**Task details**
Make an exact copy of every entry, leaving the pictures out.

::::::::

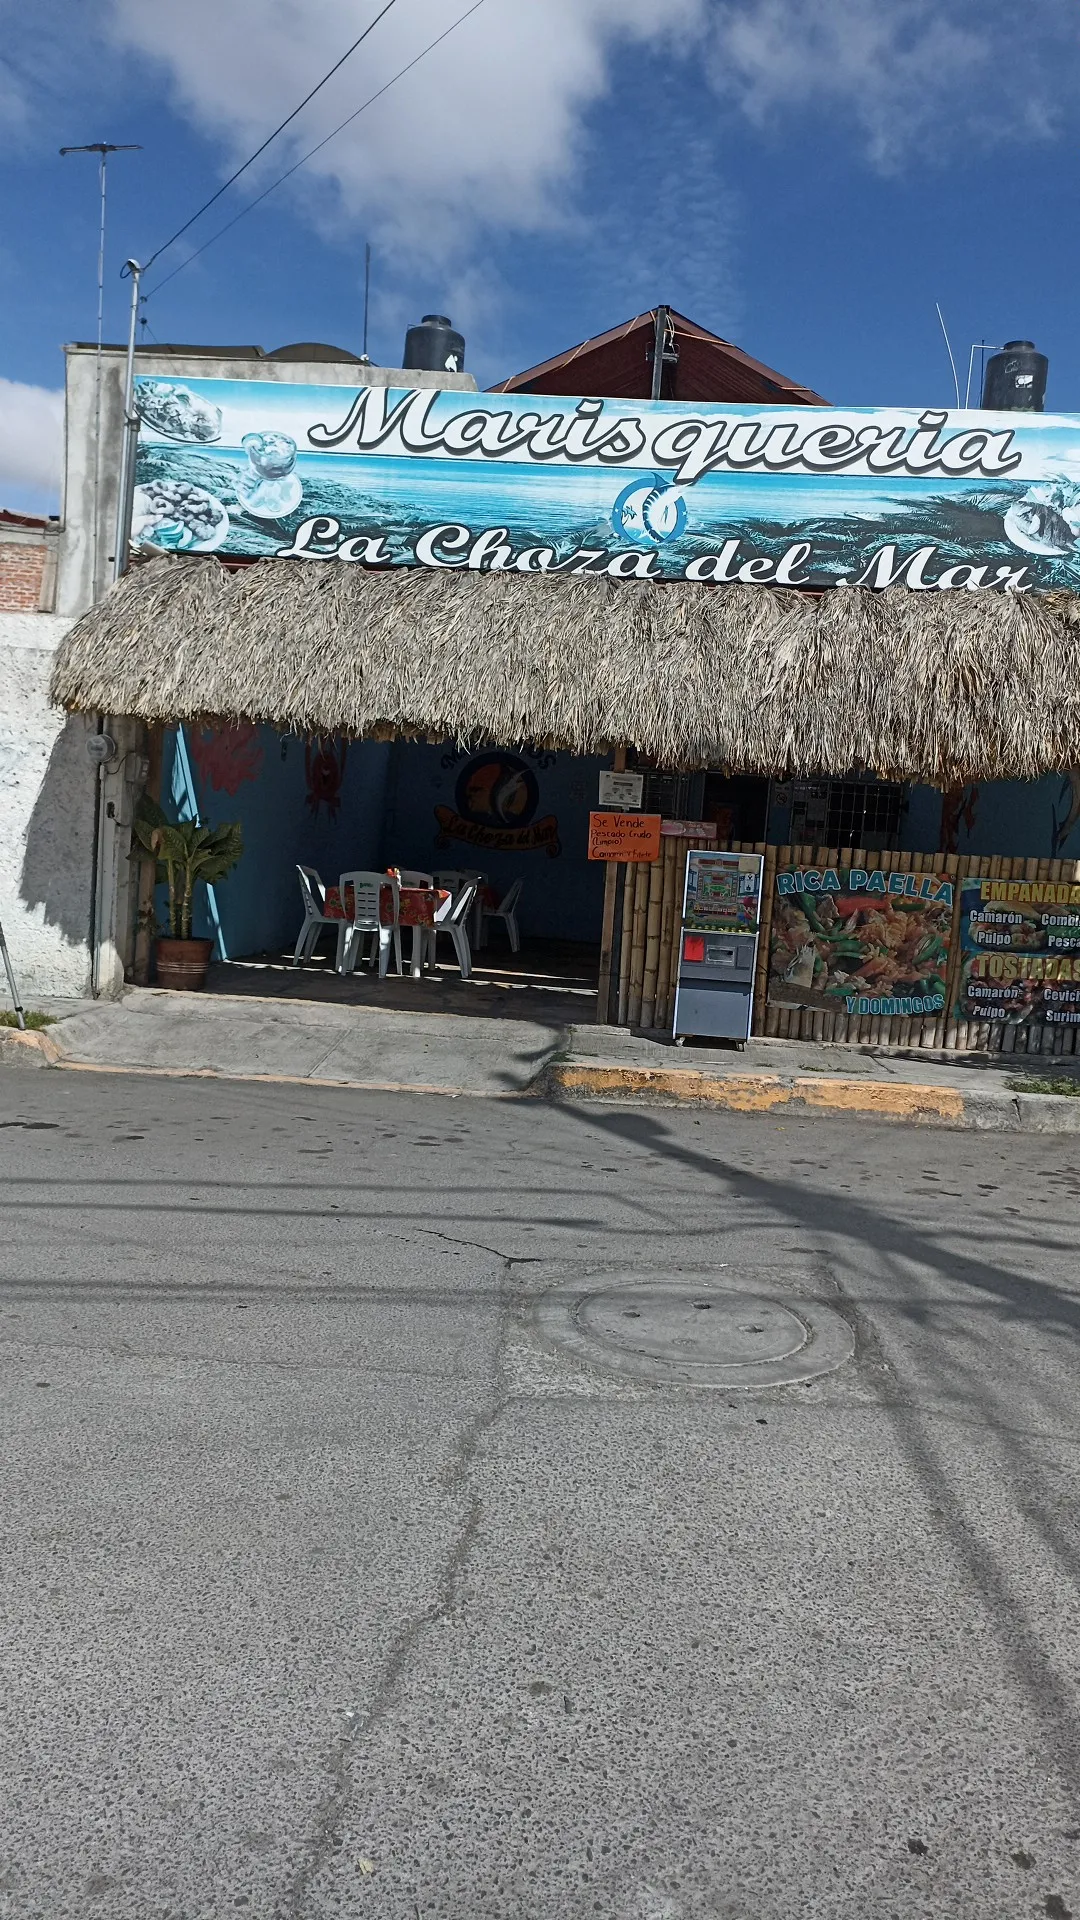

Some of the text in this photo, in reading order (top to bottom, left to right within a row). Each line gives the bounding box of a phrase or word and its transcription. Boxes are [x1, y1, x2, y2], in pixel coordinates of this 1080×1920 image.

[309, 387, 1023, 485] Marisqueria
[276, 516, 1032, 592] La Choza del Mar
[593, 813, 645, 828] Se Vende
[591, 829, 652, 838] Pescado Crudo
[777, 868, 954, 906] RICA PAELLA
[969, 910, 1023, 924] Camarón
[977, 932, 1012, 945] Pulpo
[967, 985, 1018, 998] Camarón
[846, 994, 944, 1015] Y DOMINGOS
[972, 1005, 1006, 1018] Pulpo
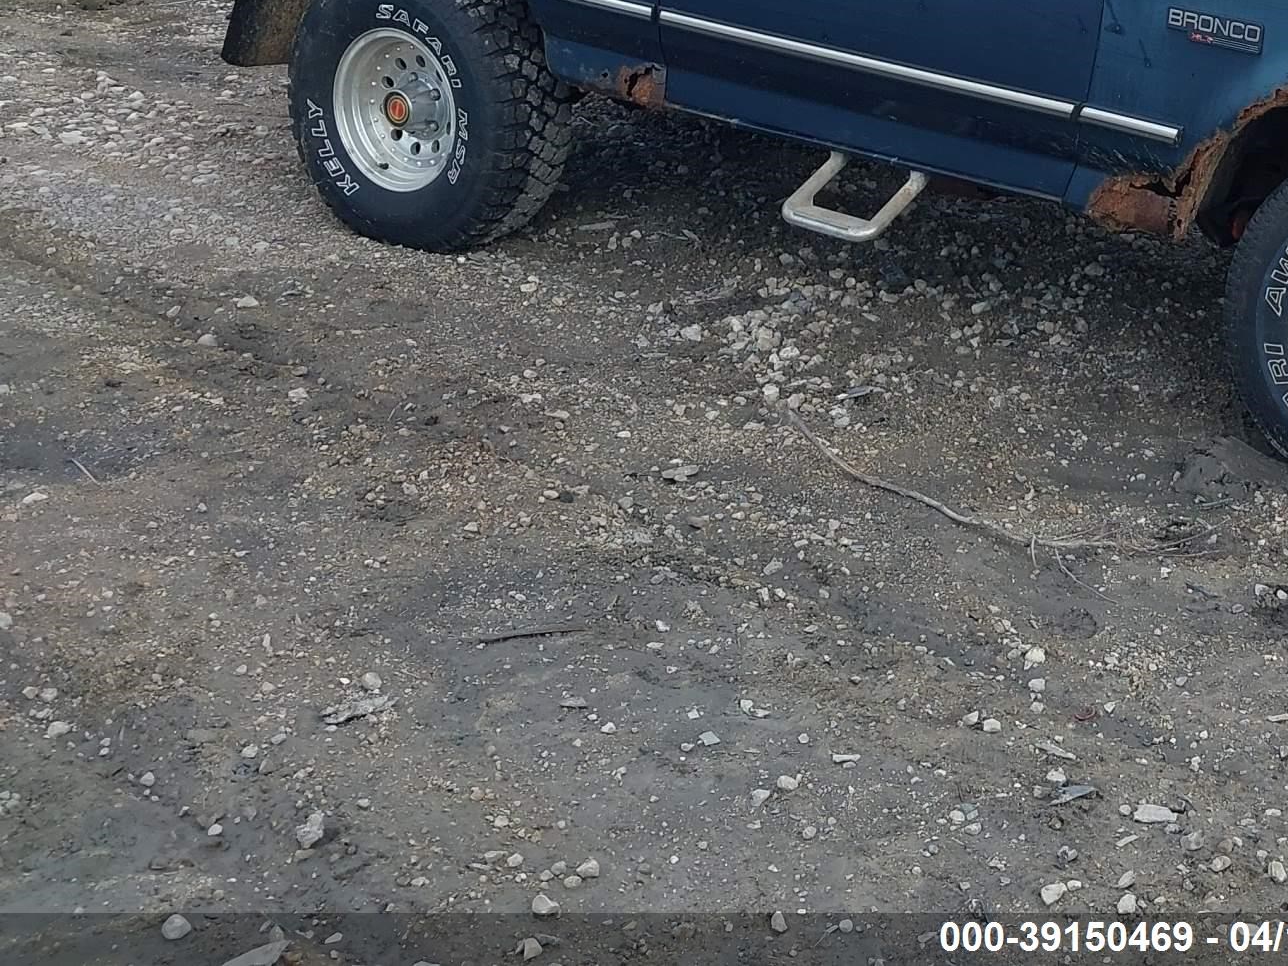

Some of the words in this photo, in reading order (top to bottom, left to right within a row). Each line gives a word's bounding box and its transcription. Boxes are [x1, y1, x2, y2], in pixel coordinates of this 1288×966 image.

[375, 4, 463, 89] SAFARI
[1168, 8, 1261, 43] BRONCO
[305, 98, 360, 196] KELLY
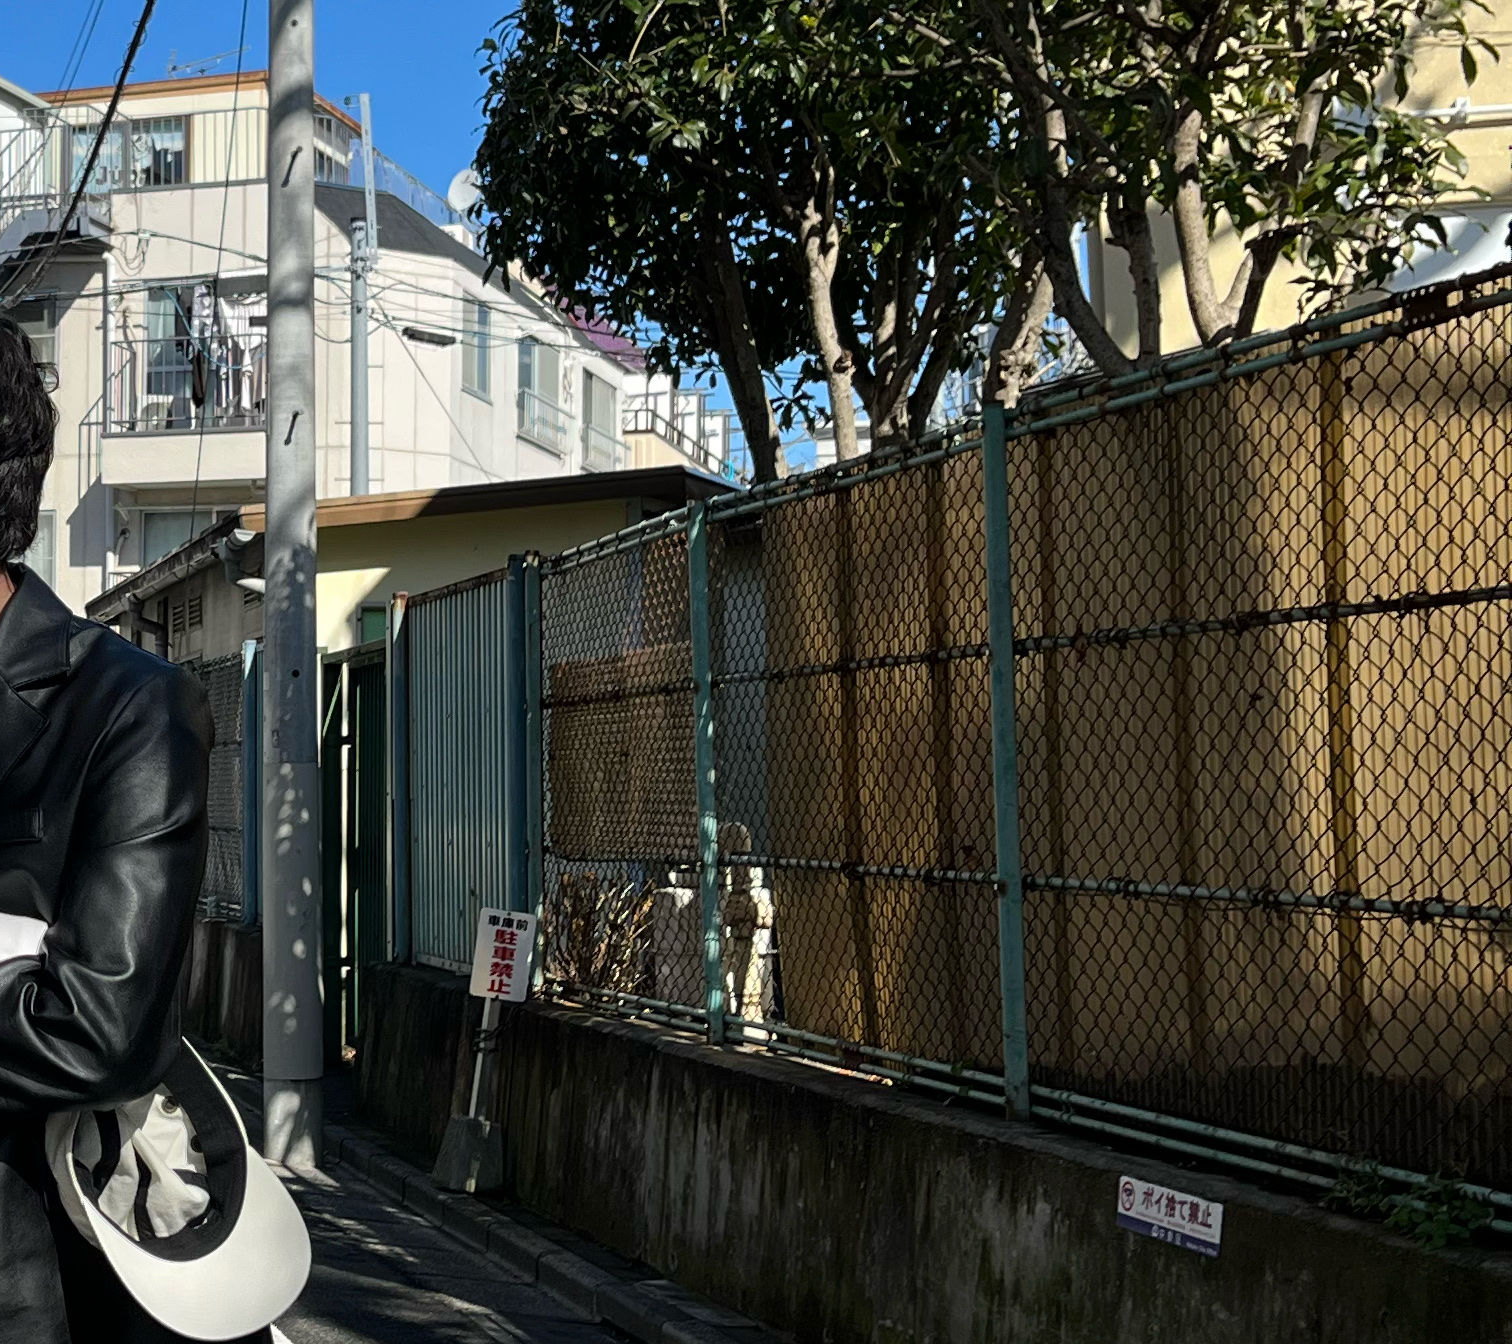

::::::::

**Solved problem**
Some of the text in this photo, in reading order (top to bottom, left to right within a row). Each line gives the bounding box of a phrase or word and its transcription. Boxes are [x1, y1, x2, y2], in pixel coordinates of this 1080×1920 image.

[309, 387, 1023, 485] Marisqueria
[276, 516, 1032, 592] La Choza del Mar
[593, 813, 645, 828] Se Vende
[591, 829, 652, 838] Pescado Crudo
[777, 868, 954, 906] RICA PAELLA
[969, 910, 1023, 924] Camarón
[977, 932, 1012, 945] Pulpo
[967, 985, 1018, 998] Camarón
[846, 994, 944, 1015] Y DOMINGOS
[972, 1005, 1006, 1018] Pulpo

Some of the words in this photo, in reading order (top to bottom, left to right within a row). Each line gives a word's bounding box and its transcription. Boxes are [x1, y1, x2, y2], in pixel coordinates of this 1288×966 image.

[375, 4, 463, 89] SAFARI
[1168, 8, 1261, 43] BRONCO
[305, 98, 360, 196] KELLY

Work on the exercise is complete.